Set down, character for character, everything in the records below from the line holding "this 1413×1192 image." down to the line holding "this 1080×1280 image.", and no other line.

# [DATA FOR THIS EXERCISE]
↓

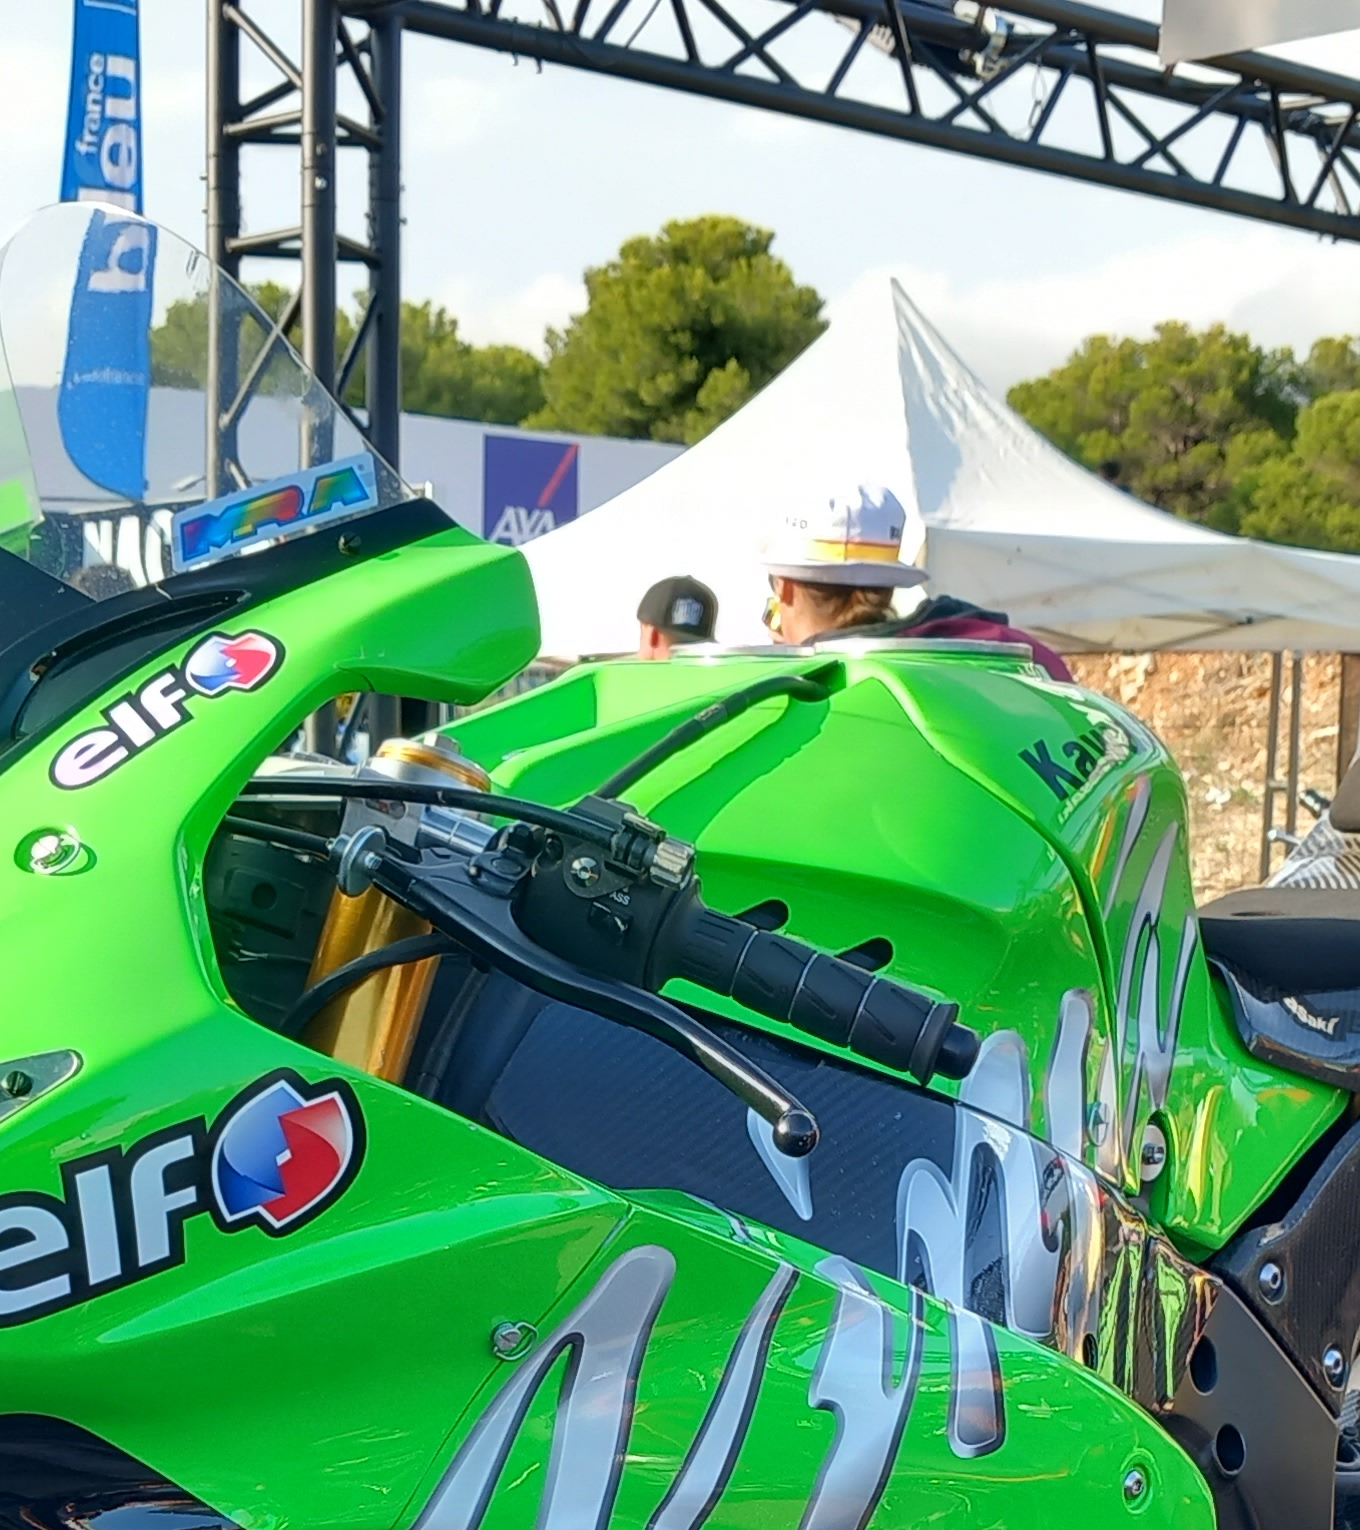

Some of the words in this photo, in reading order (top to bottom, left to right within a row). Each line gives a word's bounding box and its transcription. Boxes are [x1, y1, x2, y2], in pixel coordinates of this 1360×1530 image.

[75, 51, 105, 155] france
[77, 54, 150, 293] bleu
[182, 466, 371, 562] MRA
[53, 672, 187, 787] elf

↑
↓

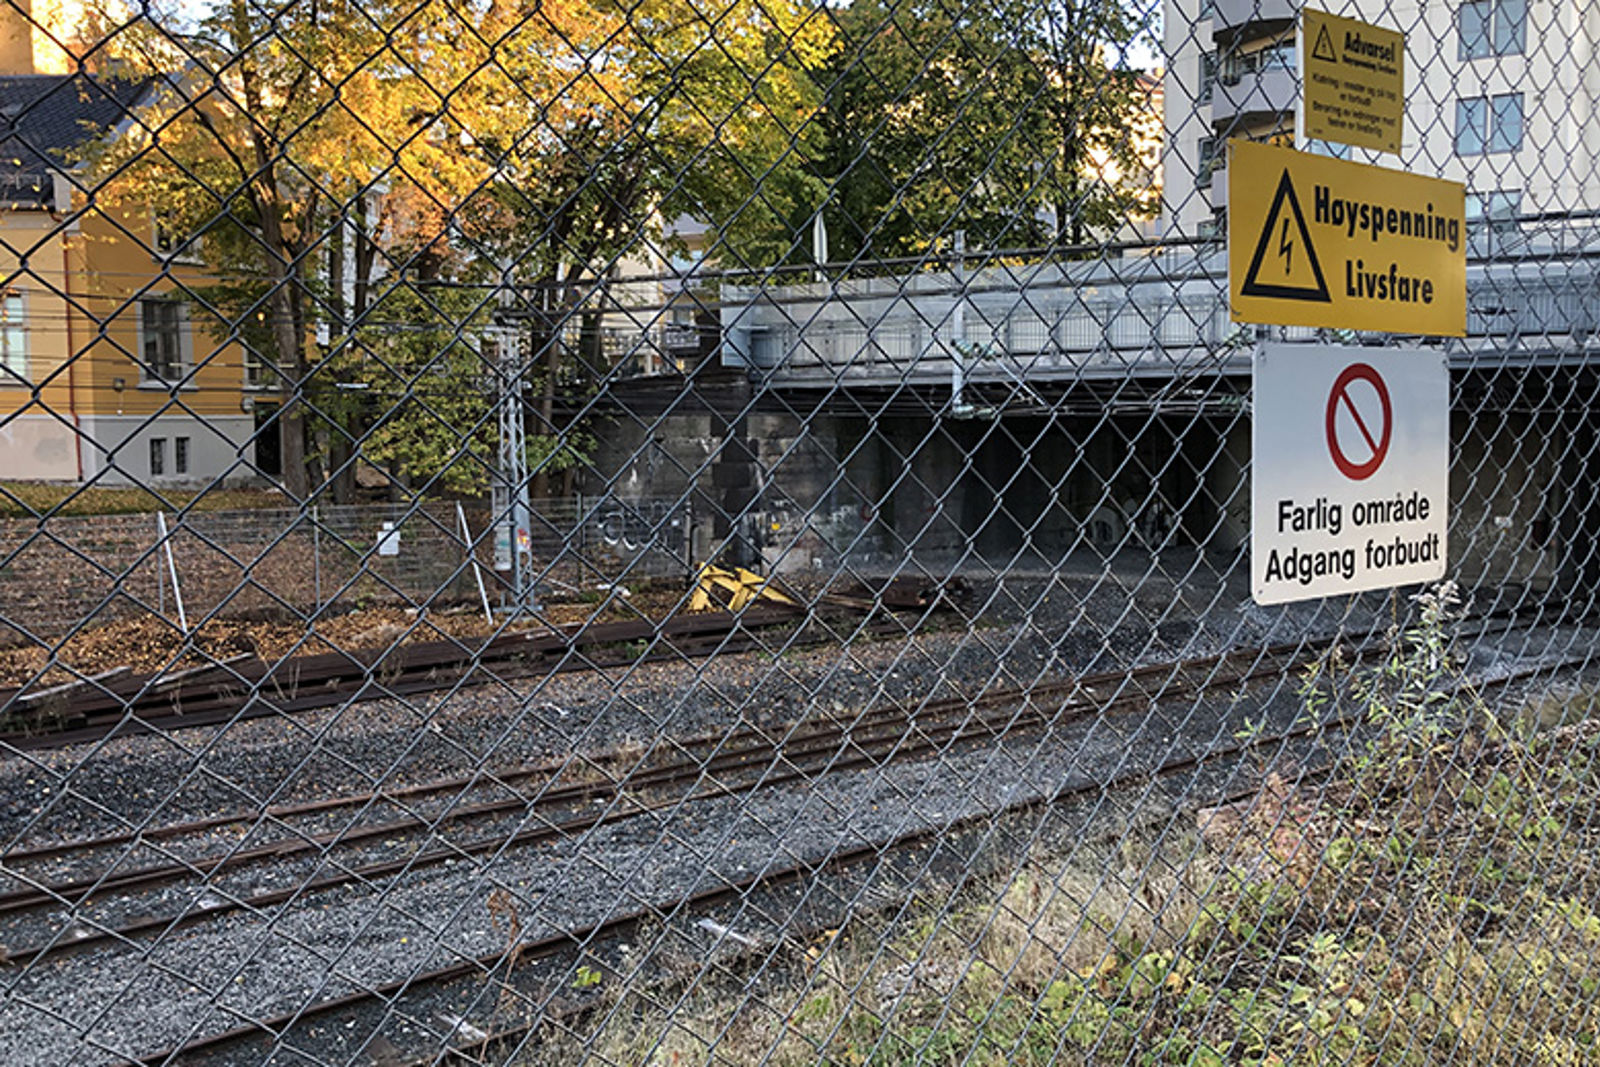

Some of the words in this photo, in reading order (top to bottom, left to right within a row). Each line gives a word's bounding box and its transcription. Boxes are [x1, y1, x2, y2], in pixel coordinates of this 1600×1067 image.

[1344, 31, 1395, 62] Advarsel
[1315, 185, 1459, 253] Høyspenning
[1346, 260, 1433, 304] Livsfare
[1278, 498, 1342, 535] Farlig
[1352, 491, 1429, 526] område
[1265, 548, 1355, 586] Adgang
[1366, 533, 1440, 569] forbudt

↑
↓

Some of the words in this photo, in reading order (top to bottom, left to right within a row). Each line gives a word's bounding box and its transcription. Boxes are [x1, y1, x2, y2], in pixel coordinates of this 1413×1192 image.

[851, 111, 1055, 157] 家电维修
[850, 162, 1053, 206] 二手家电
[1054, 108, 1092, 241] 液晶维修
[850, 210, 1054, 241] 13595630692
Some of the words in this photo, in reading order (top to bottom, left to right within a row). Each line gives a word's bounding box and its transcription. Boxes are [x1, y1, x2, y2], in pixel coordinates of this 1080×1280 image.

↑

# [ANSWER TO THIS EXERCISE]
Some of the words in this photo, in reading order (top to bottom, left to right within a row). Each line gives a word's bounding box and its transcription. Boxes are [x1, y1, x2, y2], in pixel coordinates of this 1413×1192 image.

[851, 111, 1055, 157] 家电维修
[850, 162, 1053, 206] 二手家电
[1054, 108, 1092, 241] 液晶维修
[850, 210, 1054, 241] 13595630692
Some of the words in this photo, in reading order (top to bottom, left to right within a row). Each line gives a word's bounding box and its transcription. Boxes are [x1, y1, x2, y2], in pixel coordinates of this 1080×1280 image.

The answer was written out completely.